Risks and Uncertainties (Continued)
Various social and political circumstances in the U.S. and around the world (including wars and other forms of conflict, including rising trade tensions between the United States and China, and other uncertainties regarding actual and potential shifts in the U.S. and foreign, trade, economic and other policies with other countries, terrorist acts, security operations and catastrophic events such as fires, floods, earthquakes, tornadoes, hurricanes and global health epidemics), may also contribute to increased market volatility and economic uncertainties or deterioration in the U.S. and worldwide. Specifically, the rising conflict between Russia and Ukraine, and resulting market volatility could adversely affect the Company’s ability to complete a Business Combination. In response to the conflict between Russia and Ukraine, the U.S. and other countries have imposed sanctions or other restrictive actions against Russia. Any of the above factors, including sanctions, export controls, tariffs, trade wars and other governmental actions, could have a material adverse effect on the Company’s ability to complete a Business Combination and the value of the Company’s securities.
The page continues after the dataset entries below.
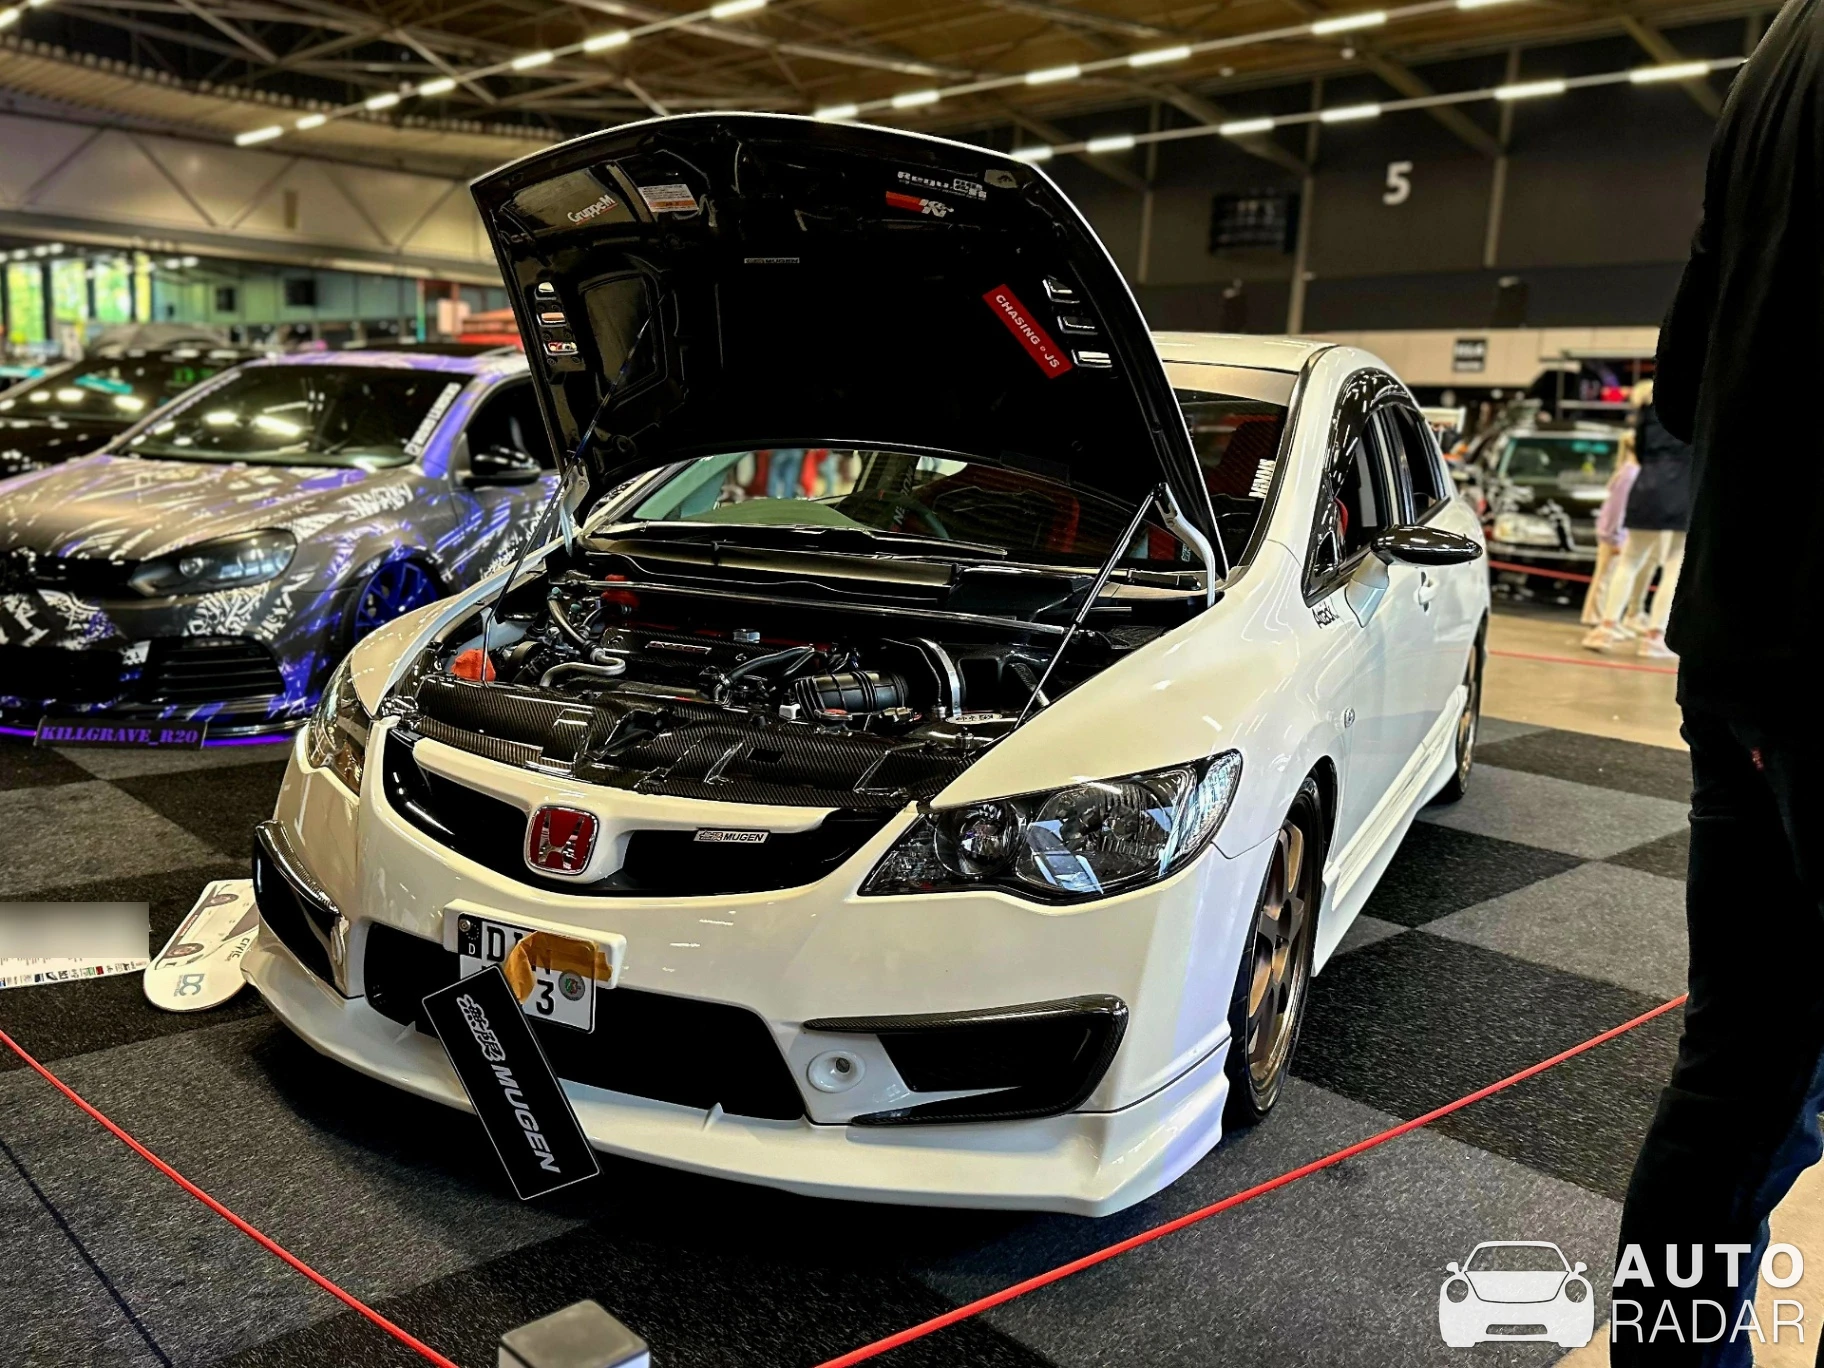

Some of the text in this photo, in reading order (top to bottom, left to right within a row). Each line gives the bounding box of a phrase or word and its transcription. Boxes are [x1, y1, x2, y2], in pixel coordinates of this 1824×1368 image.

[1382, 161, 1413, 205] 5
[567, 194, 616, 222] GruppeM
[996, 294, 1060, 368] CHASING JS
[40, 726, 199, 745] KILLGRAVE_R20
[723, 833, 765, 842] MUGEN
[468, 943, 476, 955] D
[179, 973, 205, 996] DC
[491, 1063, 561, 1174] MUGEN
NOTE 2 – SUMMARY OF SIGNIFICANT ACCOUNTING POLICIES
Basis of Presentation
The accompanying unaudited condensed financial statements have been prepared in accordance with accounting principles generally accepted in the United States of America (“GAAP”) for interim financial information and in accordance with the instructions to Form 10-Q and Article 8 of Regulation S-X of the SEC. Certain information or footnote disclosures normally included in financial statements prepared in accordance with GAAP have been condensed or omitted, pursuant to the rules and regulations of the SEC for interim financial reporting. Accordingly, they do not include all the information and footnotes necessary for a complete presentation of financial position, results of operations, or cash flows. In the opinion of management, the accompanying unaudited condensed financial statements include all adjustments, consisting of a normal recurring nature, which are necessary for a fair presentation of the financial position, operating results and cash flows for the periods presented.
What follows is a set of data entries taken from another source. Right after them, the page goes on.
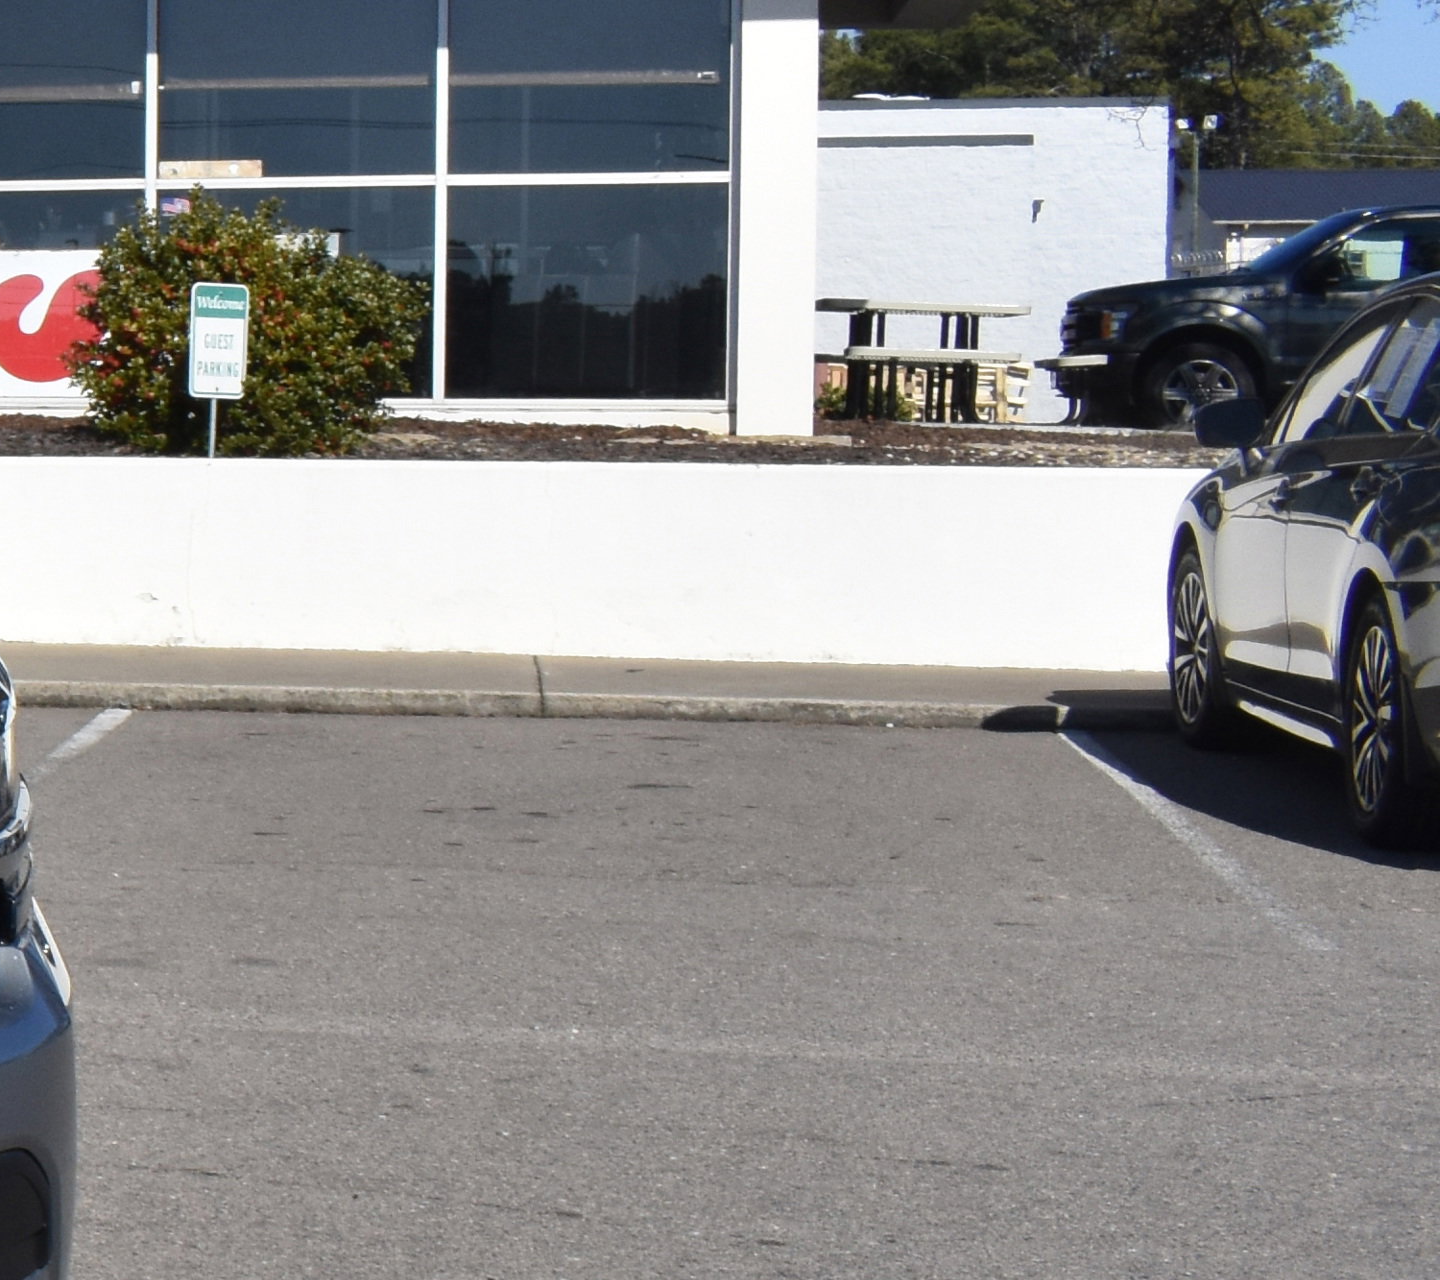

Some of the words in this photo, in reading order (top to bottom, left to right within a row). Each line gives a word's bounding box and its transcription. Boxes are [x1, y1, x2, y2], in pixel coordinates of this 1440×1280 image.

[196, 294, 245, 310] Welcome
[204, 333, 234, 349] GUEST
[196, 360, 240, 377] PARKING
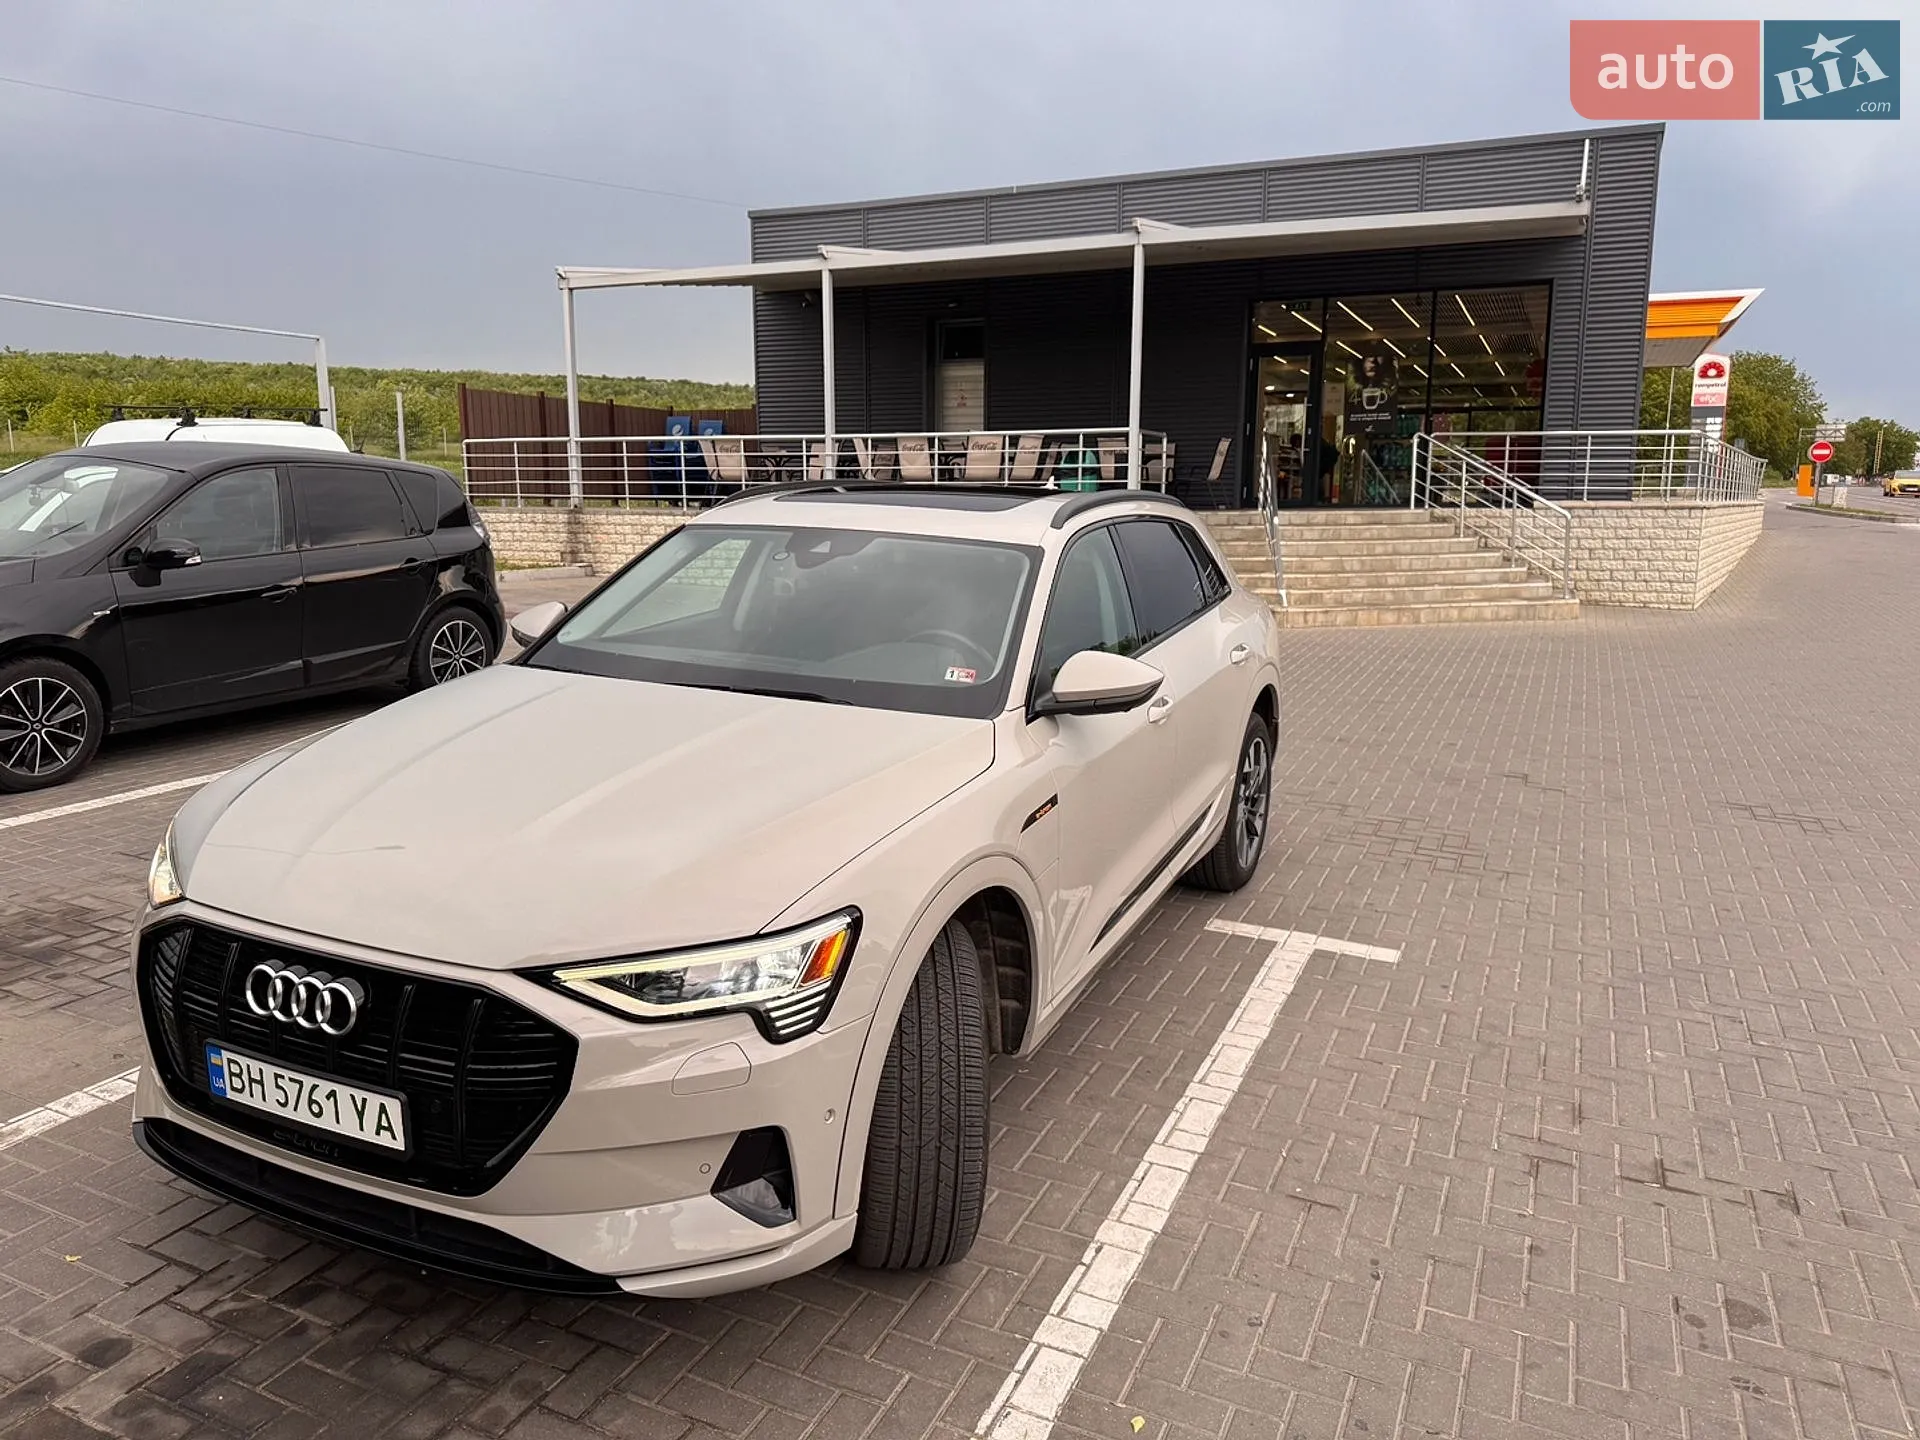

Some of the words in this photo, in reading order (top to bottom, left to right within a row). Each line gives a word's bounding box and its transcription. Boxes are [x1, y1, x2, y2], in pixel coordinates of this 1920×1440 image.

[212, 1075, 225, 1090] UA
[226, 1057, 267, 1102] BH
[273, 1072, 340, 1125] 5761
[350, 1093, 397, 1141] YA
The accompanying unaudited condensed financial statements should be read in conjunction with the Company’s Annual Report on Form 10-K for the year ended December 31, 2022 as filed with the SEC on March 31, 2023. The interim results for the three months ended March 31, 2023, are not necessarily indicative of the results to be expected for the year ending December 31, 2023 or for any future periods.
Emerging Growth Company
The Company is an “emerging growth company,” as defined in Section 2(a) of the Securities Act, as amended by the Jumpstart Our Business Startups Act of 2012, (the “JOBS Act”), and it may take advantage of certain exemptions from various reporting requirements that are applicable to other public companies that are not emerging growth companies including, but not limited to, not being required to comply with the auditor attestation requirements of Section 404 of the Sarbanes-Oxley Act of 2002, reduced disclosure obligations regarding executive compensation in its periodic reports and proxy statements, and exemptions from the requirements of holding a nonbinding advisory vote on executive compensation and shareholder approval of any golden parachute payments not previously approved.
10
OXUS ACQUISITION CORP.
NOTES TO THE CONDENSED FINANCIAL STATEMENTS
NOTE 2 – SUMMARY OF SIGNIFICANT ACCOUNTING POLICIES (Continued)
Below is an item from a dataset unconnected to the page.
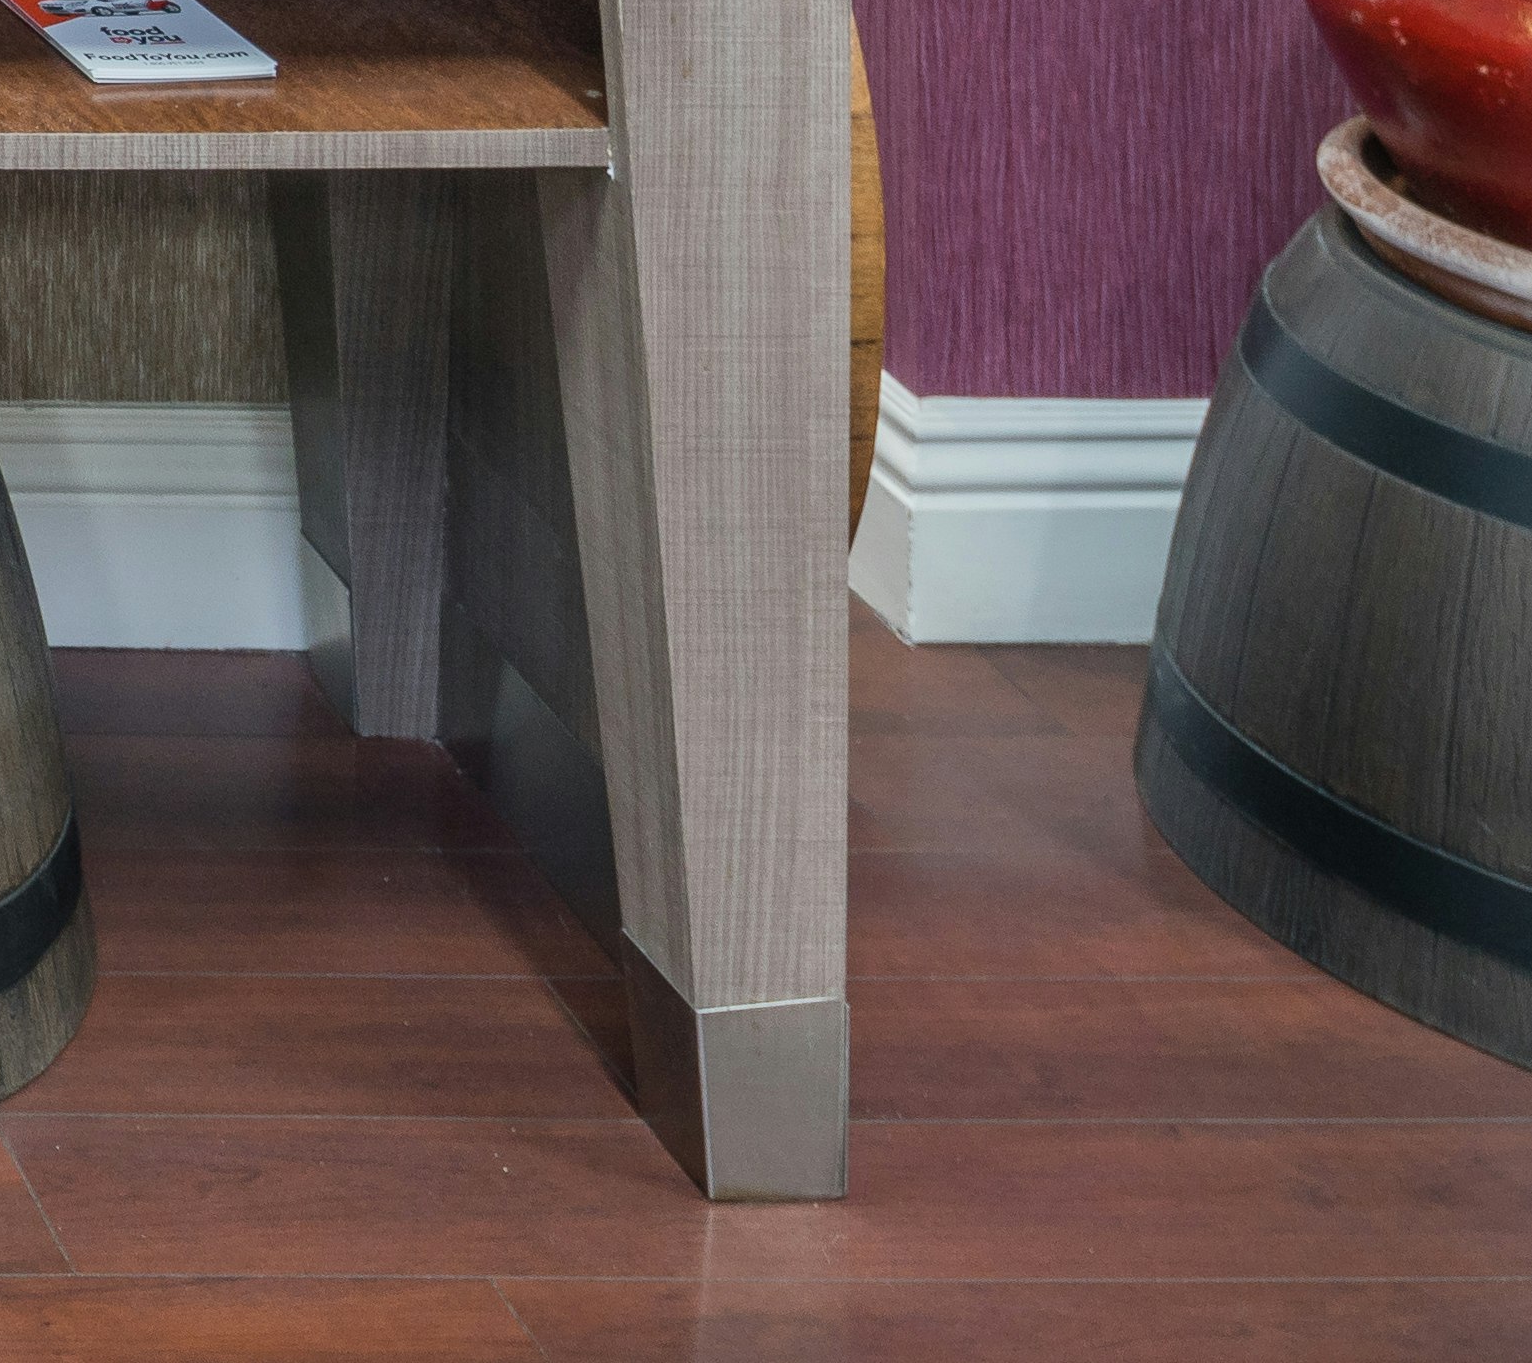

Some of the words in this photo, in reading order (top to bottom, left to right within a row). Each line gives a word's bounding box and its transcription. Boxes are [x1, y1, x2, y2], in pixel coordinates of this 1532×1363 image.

[100, 25, 167, 37] food
[137, 35, 183, 45] you
[84, 48, 249, 61] FoodToYou.com
Emerging Growth Company (Continued)
Further, Section 102(b)(1) of the JOBS Act exempts emerging growth companies from being required to comply with new or revised financial accounting standards until private companies (that is, those that have not had a Securities Act registration statement declared effective or do not have a class of securities registered under the Exchange Act) are required to comply with the new or revised financial accounting standards. The JOBS Act provides that an emerging growth company can elect to opt out of the extended transition period and comply with the requirements that apply to non-emerging growth companies but any such election to opt out is irrevocable. The Company has elected not to opt out of such extended transition period which means that when a standard is issued or revised and it has different application dates for public or private companies, the Company, as an emerging growth company, can adopt the new or revised standard at the time private companies adopt the new or revised standard.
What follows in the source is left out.